Albeit less directly, the genome-centric paradigm also affects the assembly of low-abundance strains. A recent large-scale study demonstrated that high-quality metagenome-assembled genomes are generated only for genomes with approximately 10 to 20× coverage, attainable only for the most abundant strains in each sample (9). It is likely that strains with lower abundance simply lack the coverage that will facilitate a high-quality assembly from a single sample. This issue could be addressed by using information from closely-related strains present in other samples, an approach termed “co-assembly.” Co-assembly, however, also introduces additional complexity to the assembly graph, generating branches representing heterogeneity and homology between similar strains from different samples. As with the heterogeneity caveat, assemblers typically break these branches, resulting in fragmented contigs. In some cases, they might even traverse paths through them, introducing chimeras—contigs composed of multiple different strains. Consequently, co-assembly under the genome-centric paradigm reduces the quality of assemblies (17) and is not commonly used in our field (9, 18, 19). We refer to this effect of the genome-centric paradigm on assemblers as the abundance caveat (Fig. 1C).
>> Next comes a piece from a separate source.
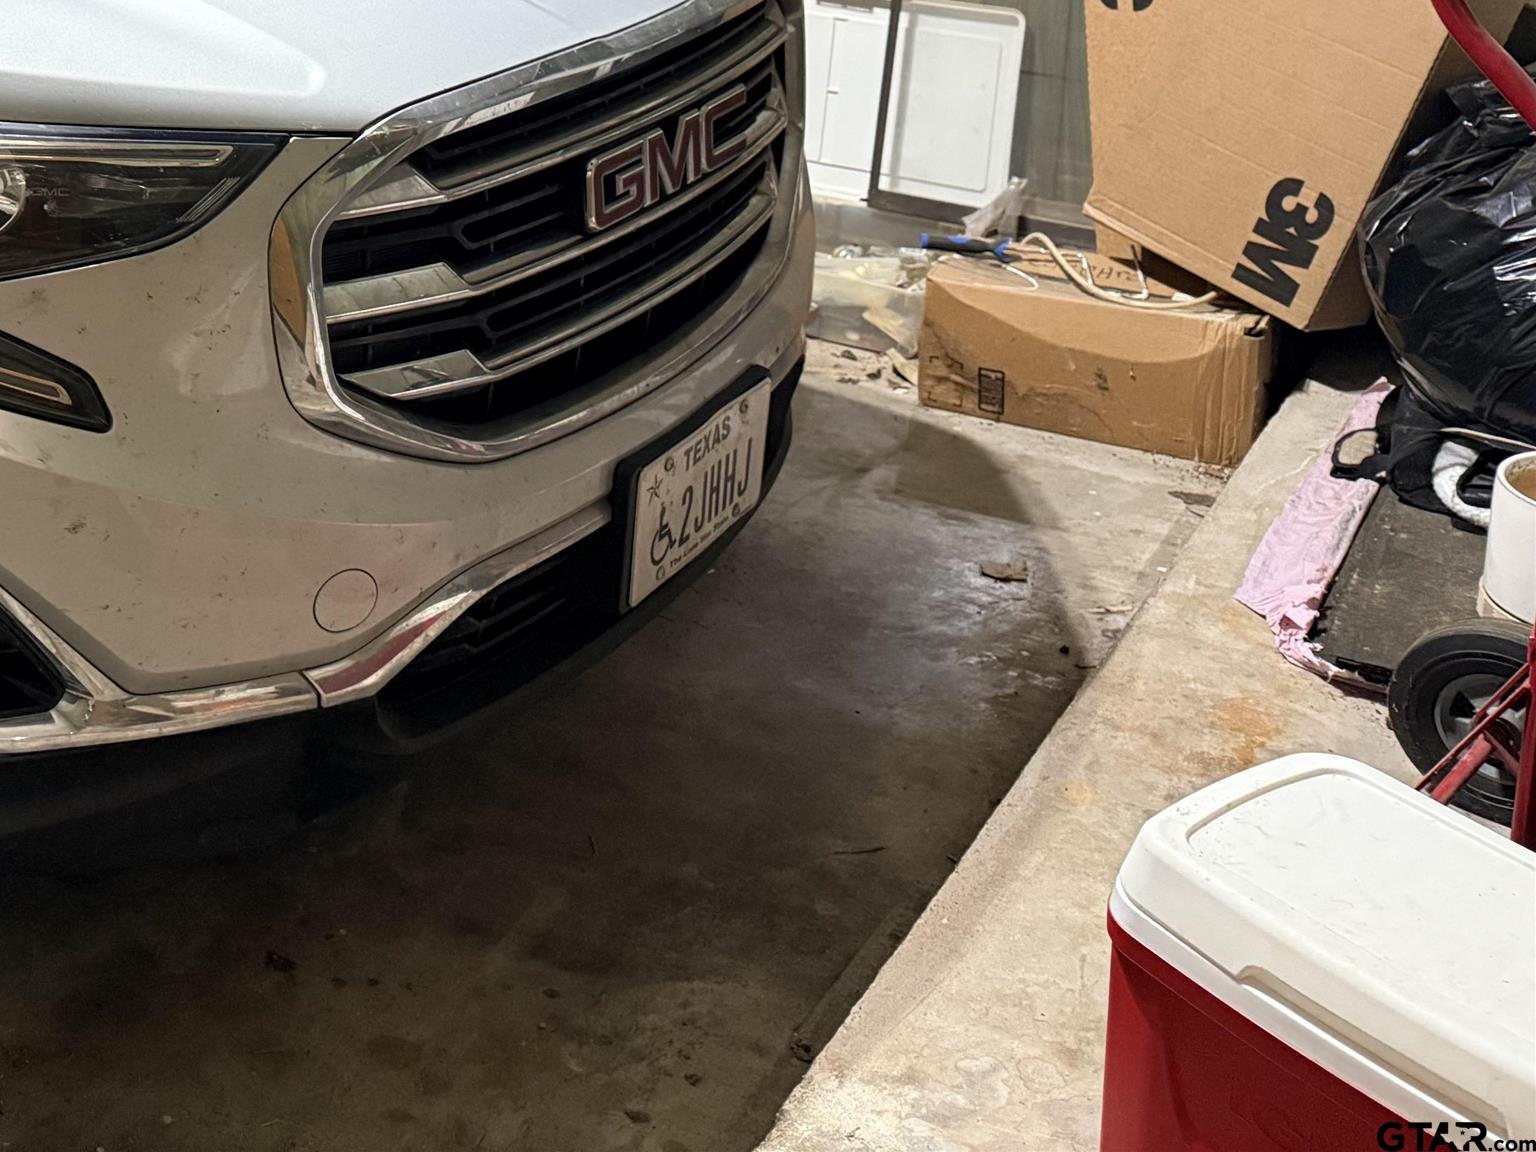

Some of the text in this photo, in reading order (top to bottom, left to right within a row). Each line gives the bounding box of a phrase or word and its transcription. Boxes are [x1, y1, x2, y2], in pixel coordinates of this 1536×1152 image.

In summary, the realization of the genome-centric paradigm in metagenomic assembly results in a suboptimal representation of the variability across microbiomes, particularly evident in low-abundance and heterogenous strains. At the heart of both the abundance and heterogeneity caveats is the fact that to comply with the genome-centric paradigm, and generate linear contigs, assemblers need to resolve branching structures. These structures, however, directly encode the genomic variability that we are interested in. It is not a surprise, then, that some reference-based methods attempt to detect exactly these branching structures by analyzing clipped read-mappings or variations in read-coverage (2, 20). We propose a more direct approach.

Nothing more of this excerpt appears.